Excerpts from a dataset
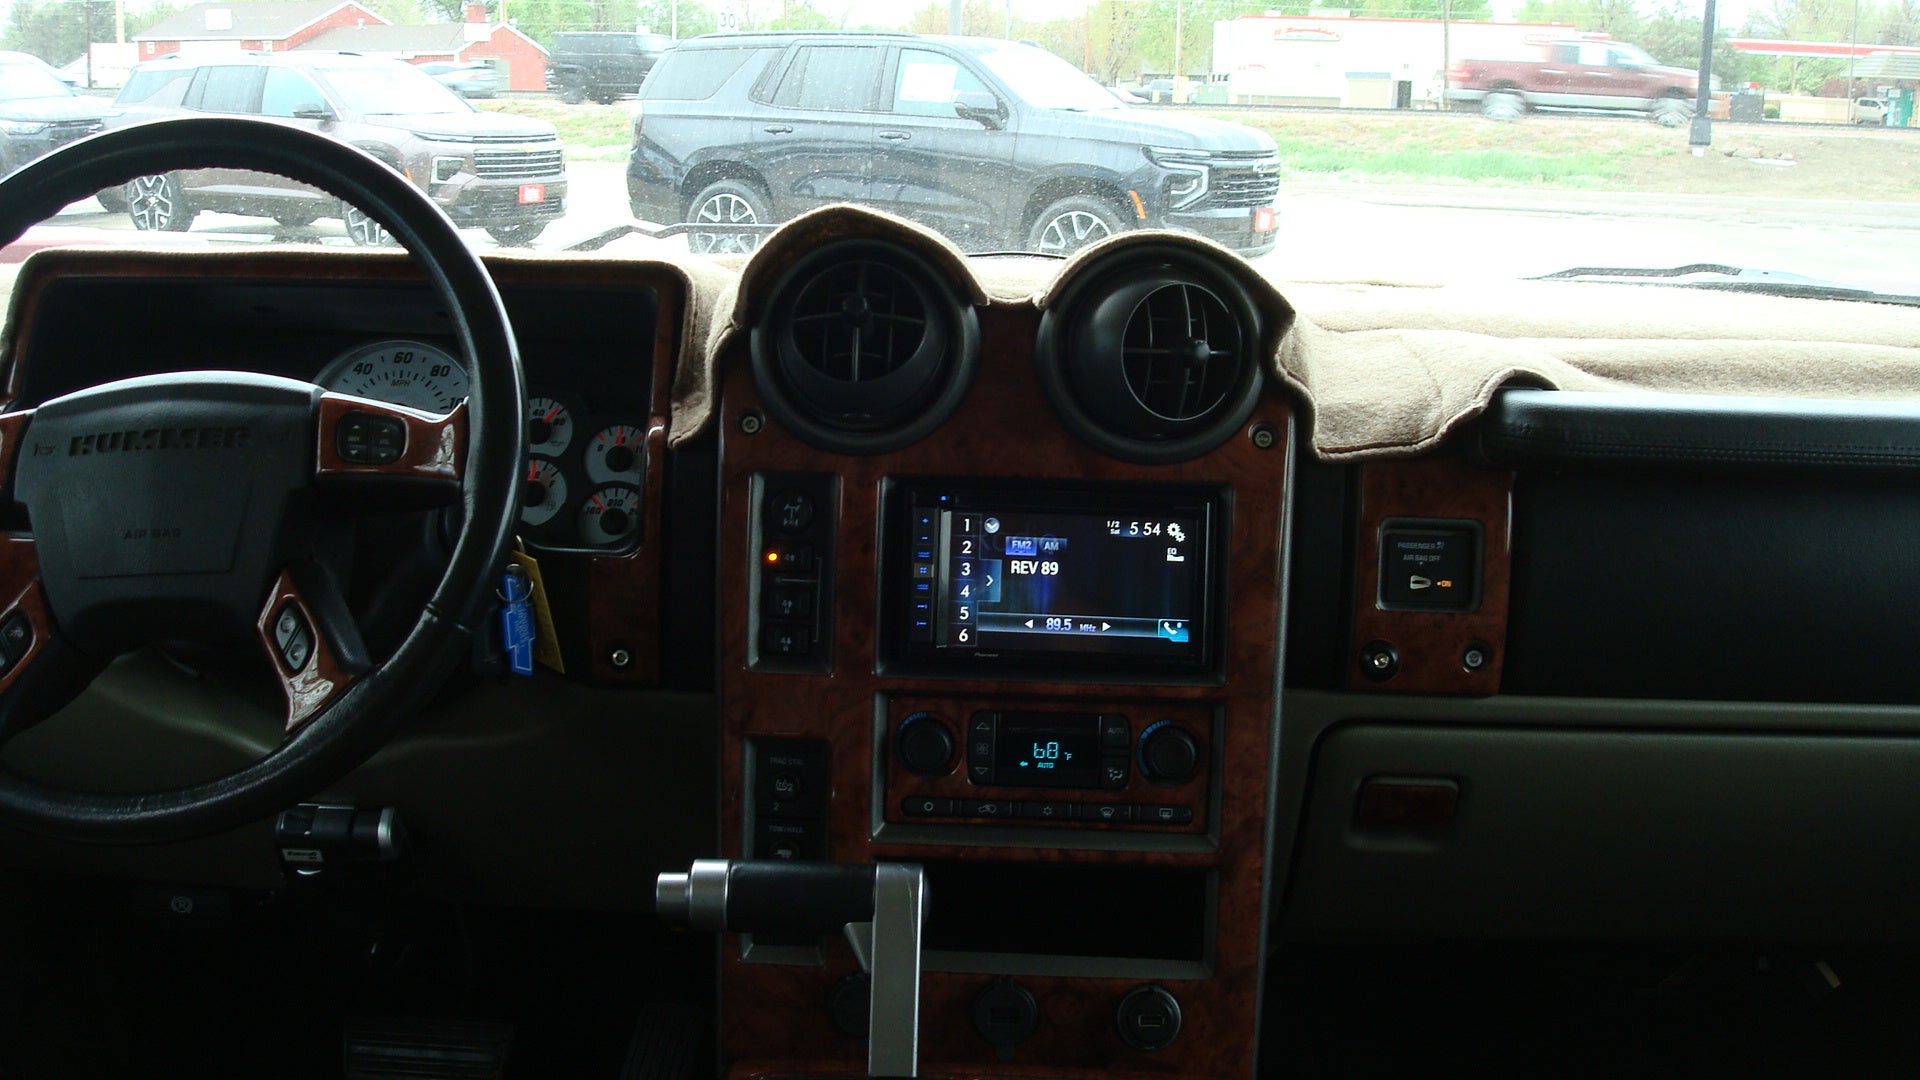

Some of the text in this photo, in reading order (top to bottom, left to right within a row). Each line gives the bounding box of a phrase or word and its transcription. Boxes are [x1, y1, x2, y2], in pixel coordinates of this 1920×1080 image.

[720, 12, 735, 28] 30
[393, 351, 414, 364] 60
[353, 362, 374, 375] 40
[430, 364, 451, 377] 80
[391, 379, 411, 387] MPH
[68, 426, 251, 457] HUMMER
[964, 518, 970, 532] 1
[1106, 520, 1121, 528] 1/2
[123, 527, 181, 540] AIR BAG
[961, 540, 972, 554] 2
[1012, 540, 1032, 549] FM2
[1044, 541, 1059, 551] AM
[961, 562, 971, 576] 3
[1010, 559, 1059, 576] REV 89
[960, 584, 970, 598] 4
[959, 606, 969, 620] 5
[1045, 617, 1097, 633] 89.5 MHz
[958, 628, 969, 642] 6
[1107, 727, 1125, 735] AUTO
[1033, 741, 1059, 760] 68
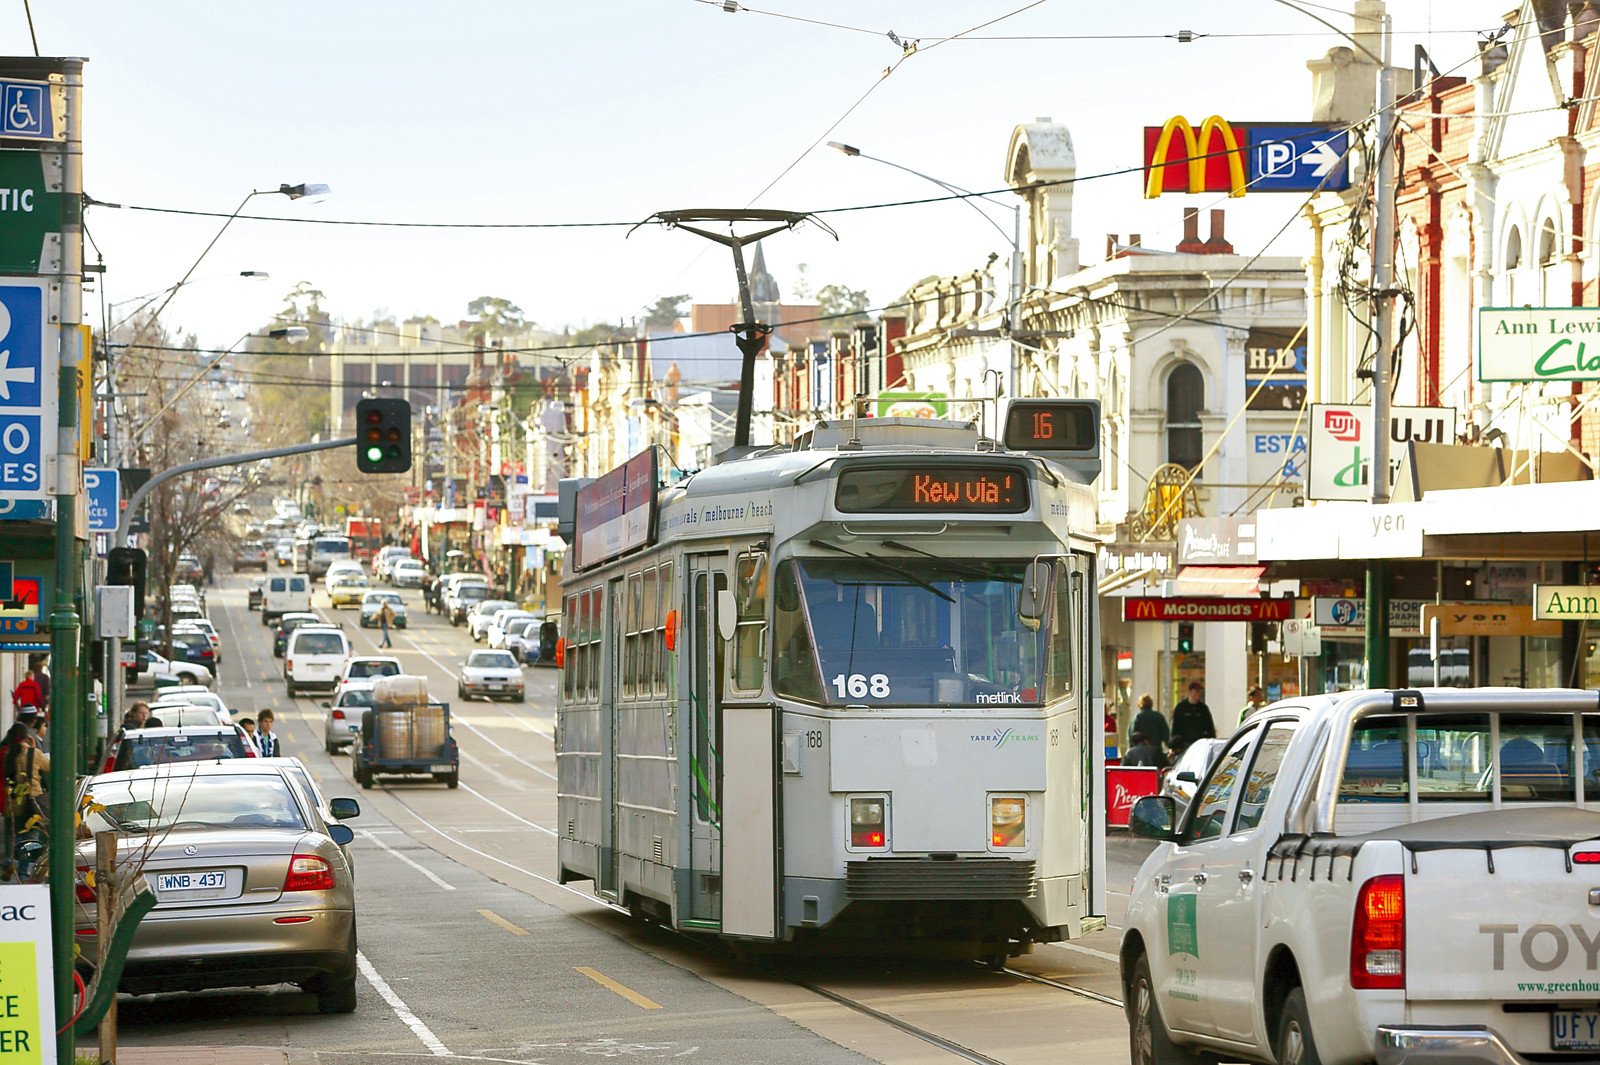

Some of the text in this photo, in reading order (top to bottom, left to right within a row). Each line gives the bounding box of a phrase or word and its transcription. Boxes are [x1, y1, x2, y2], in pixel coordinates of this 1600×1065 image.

[0, 188, 34, 212] TIC
[1494, 316, 1600, 335] Ann Lewi
[1033, 412, 1053, 439] 16
[1391, 417, 1444, 443] UJI
[0, 463, 38, 482] ES
[914, 475, 959, 503] Kew
[966, 476, 999, 503] via
[705, 505, 744, 522] melbourne
[751, 500, 773, 517] beach
[1372, 514, 1405, 537] yen
[1163, 603, 1252, 616] McDonald's
[1546, 591, 1599, 614] Ann
[1453, 614, 1506, 622] yen
[832, 673, 891, 699] 168
[976, 691, 1021, 704] metlink
[805, 730, 823, 749] 168
[0, 905, 36, 921] ac
[1517, 979, 1600, 994] www.greenhou
[1556, 1014, 1598, 1039] UFY
[0, 1030, 31, 1053] ER

What the task asks: Without any of the pictures, set the entries down again exactly as written.

Task answer:
Some of the text in this photo, in reading order (top to bottom, left to right within a row). Each line gives the bounding box of a phrase or word and its transcription. Boxes are [x1, y1, x2, y2], in pixel coordinates of this 1920×1080 image.

[720, 12, 735, 28] 30
[393, 351, 414, 364] 60
[353, 362, 374, 375] 40
[430, 364, 451, 377] 80
[391, 379, 411, 387] MPH
[68, 426, 251, 457] HUMMER
[964, 518, 970, 532] 1
[1106, 520, 1121, 528] 1/2
[123, 527, 181, 540] AIR BAG
[961, 540, 972, 554] 2
[1012, 540, 1032, 549] FM2
[1044, 541, 1059, 551] AM
[961, 562, 971, 576] 3
[1010, 559, 1059, 576] REV 89
[960, 584, 970, 598] 4
[959, 606, 969, 620] 5
[1045, 617, 1097, 633] 89.5 MHz
[958, 628, 969, 642] 6
[1107, 727, 1125, 735] AUTO
[1033, 741, 1059, 760] 68

Some of the text in this photo, in reading order (top to bottom, left to right within a row). Each line gives the bounding box of a phrase or word and its transcription. Boxes are [x1, y1, x2, y2], in pixel coordinates of this 1600×1065 image.

[0, 188, 34, 212] TIC
[1494, 316, 1600, 335] Ann Lewi
[1033, 412, 1053, 439] 16
[1391, 417, 1444, 443] UJI
[0, 463, 38, 482] ES
[914, 475, 959, 503] Kew
[966, 476, 999, 503] via
[705, 505, 744, 522] melbourne
[751, 500, 773, 517] beach
[1372, 514, 1405, 537] yen
[1163, 603, 1252, 616] McDonald's
[1546, 591, 1599, 614] Ann
[1453, 614, 1506, 622] yen
[832, 673, 891, 699] 168
[976, 691, 1021, 704] metlink
[805, 730, 823, 749] 168
[0, 905, 36, 921] ac
[1517, 979, 1600, 994] www.greenhou
[1556, 1014, 1598, 1039] UFY
[0, 1030, 31, 1053] ER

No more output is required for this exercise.